Dataset entries:

*****

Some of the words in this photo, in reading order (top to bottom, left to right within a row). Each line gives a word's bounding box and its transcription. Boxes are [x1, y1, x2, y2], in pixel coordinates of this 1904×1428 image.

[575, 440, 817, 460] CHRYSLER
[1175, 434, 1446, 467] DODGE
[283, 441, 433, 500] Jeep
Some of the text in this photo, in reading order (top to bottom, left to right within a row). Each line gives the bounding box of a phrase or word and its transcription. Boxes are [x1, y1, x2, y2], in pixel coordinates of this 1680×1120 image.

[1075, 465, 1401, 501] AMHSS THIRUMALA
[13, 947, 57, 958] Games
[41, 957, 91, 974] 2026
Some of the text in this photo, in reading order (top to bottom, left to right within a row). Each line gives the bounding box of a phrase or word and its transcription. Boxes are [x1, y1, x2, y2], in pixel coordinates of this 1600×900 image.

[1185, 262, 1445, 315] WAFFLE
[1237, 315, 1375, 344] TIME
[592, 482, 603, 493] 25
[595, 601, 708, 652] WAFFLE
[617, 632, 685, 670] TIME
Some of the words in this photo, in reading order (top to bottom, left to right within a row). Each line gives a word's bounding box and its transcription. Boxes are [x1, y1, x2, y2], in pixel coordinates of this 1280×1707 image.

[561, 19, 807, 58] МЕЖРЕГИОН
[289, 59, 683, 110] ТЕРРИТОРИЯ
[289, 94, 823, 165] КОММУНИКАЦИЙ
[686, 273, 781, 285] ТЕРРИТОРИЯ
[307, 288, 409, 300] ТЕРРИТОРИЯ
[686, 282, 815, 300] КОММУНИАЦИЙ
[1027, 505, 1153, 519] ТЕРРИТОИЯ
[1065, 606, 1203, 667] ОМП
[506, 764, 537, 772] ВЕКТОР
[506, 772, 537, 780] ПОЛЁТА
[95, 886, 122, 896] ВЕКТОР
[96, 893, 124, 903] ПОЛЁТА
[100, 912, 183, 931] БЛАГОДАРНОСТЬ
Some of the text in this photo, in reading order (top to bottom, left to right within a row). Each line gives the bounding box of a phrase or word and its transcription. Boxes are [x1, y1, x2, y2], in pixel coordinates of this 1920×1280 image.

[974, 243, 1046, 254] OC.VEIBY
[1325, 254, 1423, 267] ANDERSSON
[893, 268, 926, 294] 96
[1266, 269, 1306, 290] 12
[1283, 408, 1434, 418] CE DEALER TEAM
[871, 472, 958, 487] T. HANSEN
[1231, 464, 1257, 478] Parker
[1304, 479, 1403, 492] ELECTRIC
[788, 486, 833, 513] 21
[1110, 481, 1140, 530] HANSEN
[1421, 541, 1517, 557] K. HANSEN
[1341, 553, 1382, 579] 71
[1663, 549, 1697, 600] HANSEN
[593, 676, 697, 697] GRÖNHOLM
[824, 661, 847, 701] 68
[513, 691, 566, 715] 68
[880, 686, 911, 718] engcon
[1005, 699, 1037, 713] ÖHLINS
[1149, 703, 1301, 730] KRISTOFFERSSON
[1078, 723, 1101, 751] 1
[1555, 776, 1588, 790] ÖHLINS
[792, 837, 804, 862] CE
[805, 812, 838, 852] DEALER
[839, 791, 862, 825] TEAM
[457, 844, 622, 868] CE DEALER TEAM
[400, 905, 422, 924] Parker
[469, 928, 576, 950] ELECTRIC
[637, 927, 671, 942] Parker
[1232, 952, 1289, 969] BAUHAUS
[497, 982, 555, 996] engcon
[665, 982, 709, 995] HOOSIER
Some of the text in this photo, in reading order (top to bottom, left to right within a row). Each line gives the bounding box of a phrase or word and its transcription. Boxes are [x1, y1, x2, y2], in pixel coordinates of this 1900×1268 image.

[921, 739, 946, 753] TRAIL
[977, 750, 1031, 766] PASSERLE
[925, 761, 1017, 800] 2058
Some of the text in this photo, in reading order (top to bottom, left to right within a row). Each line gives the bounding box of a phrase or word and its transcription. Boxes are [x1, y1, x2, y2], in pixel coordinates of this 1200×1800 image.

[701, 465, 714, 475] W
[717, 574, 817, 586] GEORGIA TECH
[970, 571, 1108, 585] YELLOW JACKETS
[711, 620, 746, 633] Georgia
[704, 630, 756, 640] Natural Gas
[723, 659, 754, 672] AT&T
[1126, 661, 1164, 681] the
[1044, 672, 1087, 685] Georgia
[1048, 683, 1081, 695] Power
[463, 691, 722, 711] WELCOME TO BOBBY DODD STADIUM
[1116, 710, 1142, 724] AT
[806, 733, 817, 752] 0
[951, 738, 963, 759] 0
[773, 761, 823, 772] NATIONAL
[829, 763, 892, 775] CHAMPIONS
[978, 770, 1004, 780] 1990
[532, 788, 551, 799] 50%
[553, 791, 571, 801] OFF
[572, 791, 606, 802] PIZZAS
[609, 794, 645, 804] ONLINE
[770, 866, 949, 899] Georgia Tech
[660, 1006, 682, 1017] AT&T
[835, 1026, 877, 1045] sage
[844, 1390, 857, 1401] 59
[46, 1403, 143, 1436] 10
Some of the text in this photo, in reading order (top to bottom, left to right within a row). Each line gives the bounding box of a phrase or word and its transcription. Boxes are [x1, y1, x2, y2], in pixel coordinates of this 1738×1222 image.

*****

Problem details » Restate the data in full so that no line differs from the original.

Completed task »
Some of the words in this photo, in reading order (top to bottom, left to right within a row). Each line gives a word's bounding box and its transcription. Boxes are [x1, y1, x2, y2], in pixel coordinates of this 1904×1428 image.

[575, 440, 817, 460] CHRYSLER
[1175, 434, 1446, 467] DODGE
[283, 441, 433, 500] Jeep
Some of the text in this photo, in reading order (top to bottom, left to right within a row). Each line gives the bounding box of a phrase or word and its transcription. Boxes are [x1, y1, x2, y2], in pixel coordinates of this 1680×1120 image.

[1075, 465, 1401, 501] AMHSS THIRUMALA
[13, 947, 57, 958] Games
[41, 957, 91, 974] 2026
Some of the text in this photo, in reading order (top to bottom, left to right within a row). Each line gives the bounding box of a phrase or word and its transcription. Boxes are [x1, y1, x2, y2], in pixel coordinates of this 1600×900 image.

[1185, 262, 1445, 315] WAFFLE
[1237, 315, 1375, 344] TIME
[592, 482, 603, 493] 25
[595, 601, 708, 652] WAFFLE
[617, 632, 685, 670] TIME
Some of the words in this photo, in reading order (top to bottom, left to right within a row). Each line gives a word's bounding box and its transcription. Boxes are [x1, y1, x2, y2], in pixel coordinates of this 1280×1707 image.

[561, 19, 807, 58] МЕЖРЕГИОН
[289, 59, 683, 110] ТЕРРИТОРИЯ
[289, 94, 823, 165] КОММУНИКАЦИЙ
[686, 273, 781, 285] ТЕРРИТОРИЯ
[307, 288, 409, 300] ТЕРРИТОРИЯ
[686, 282, 815, 300] КОММУНИАЦИЙ
[1027, 505, 1153, 519] ТЕРРИТОИЯ
[1065, 606, 1203, 667] ОМП
[506, 764, 537, 772] ВЕКТОР
[506, 772, 537, 780] ПОЛЁТА
[95, 886, 122, 896] ВЕКТОР
[96, 893, 124, 903] ПОЛЁТА
[100, 912, 183, 931] БЛАГОДАРНОСТЬ
Some of the text in this photo, in reading order (top to bottom, left to right within a row). Each line gives the bounding box of a phrase or word and its transcription. Boxes are [x1, y1, x2, y2], in pixel coordinates of this 1920×1280 image.

[974, 243, 1046, 254] OC.VEIBY
[1325, 254, 1423, 267] ANDERSSON
[893, 268, 926, 294] 96
[1266, 269, 1306, 290] 12
[1283, 408, 1434, 418] CE DEALER TEAM
[871, 472, 958, 487] T. HANSEN
[1231, 464, 1257, 478] Parker
[1304, 479, 1403, 492] ELECTRIC
[788, 486, 833, 513] 21
[1110, 481, 1140, 530] HANSEN
[1421, 541, 1517, 557] K. HANSEN
[1341, 553, 1382, 579] 71
[1663, 549, 1697, 600] HANSEN
[593, 676, 697, 697] GRÖNHOLM
[824, 661, 847, 701] 68
[513, 691, 566, 715] 68
[880, 686, 911, 718] engcon
[1005, 699, 1037, 713] ÖHLINS
[1149, 703, 1301, 730] KRISTOFFERSSON
[1078, 723, 1101, 751] 1
[1555, 776, 1588, 790] ÖHLINS
[792, 837, 804, 862] CE
[805, 812, 838, 852] DEALER
[839, 791, 862, 825] TEAM
[457, 844, 622, 868] CE DEALER TEAM
[400, 905, 422, 924] Parker
[469, 928, 576, 950] ELECTRIC
[637, 927, 671, 942] Parker
[1232, 952, 1289, 969] BAUHAUS
[497, 982, 555, 996] engcon
[665, 982, 709, 995] HOOSIER
Some of the text in this photo, in reading order (top to bottom, left to right within a row). Each line gives the bounding box of a phrase or word and its transcription. Boxes are [x1, y1, x2, y2], in pixel coordinates of this 1900×1268 image.

[921, 739, 946, 753] TRAIL
[977, 750, 1031, 766] PASSERLE
[925, 761, 1017, 800] 2058
Some of the text in this photo, in reading order (top to bottom, left to right within a row). Each line gives the bounding box of a phrase or word and its transcription. Boxes are [x1, y1, x2, y2], in pixel coordinates of this 1200×1800 image.

[701, 465, 714, 475] W
[717, 574, 817, 586] GEORGIA TECH
[970, 571, 1108, 585] YELLOW JACKETS
[711, 620, 746, 633] Georgia
[704, 630, 756, 640] Natural Gas
[723, 659, 754, 672] AT&T
[1126, 661, 1164, 681] the
[1044, 672, 1087, 685] Georgia
[1048, 683, 1081, 695] Power
[463, 691, 722, 711] WELCOME TO BOBBY DODD STADIUM
[1116, 710, 1142, 724] AT
[806, 733, 817, 752] 0
[951, 738, 963, 759] 0
[773, 761, 823, 772] NATIONAL
[829, 763, 892, 775] CHAMPIONS
[978, 770, 1004, 780] 1990
[532, 788, 551, 799] 50%
[553, 791, 571, 801] OFF
[572, 791, 606, 802] PIZZAS
[609, 794, 645, 804] ONLINE
[770, 866, 949, 899] Georgia Tech
[660, 1006, 682, 1017] AT&T
[835, 1026, 877, 1045] sage
[844, 1390, 857, 1401] 59
[46, 1403, 143, 1436] 10
Some of the text in this photo, in reading order (top to bottom, left to right within a row). Each line gives the bounding box of a phrase or word and its transcription. Boxes are [x1, y1, x2, y2], in pixel coordinates of this 1738×1222 image.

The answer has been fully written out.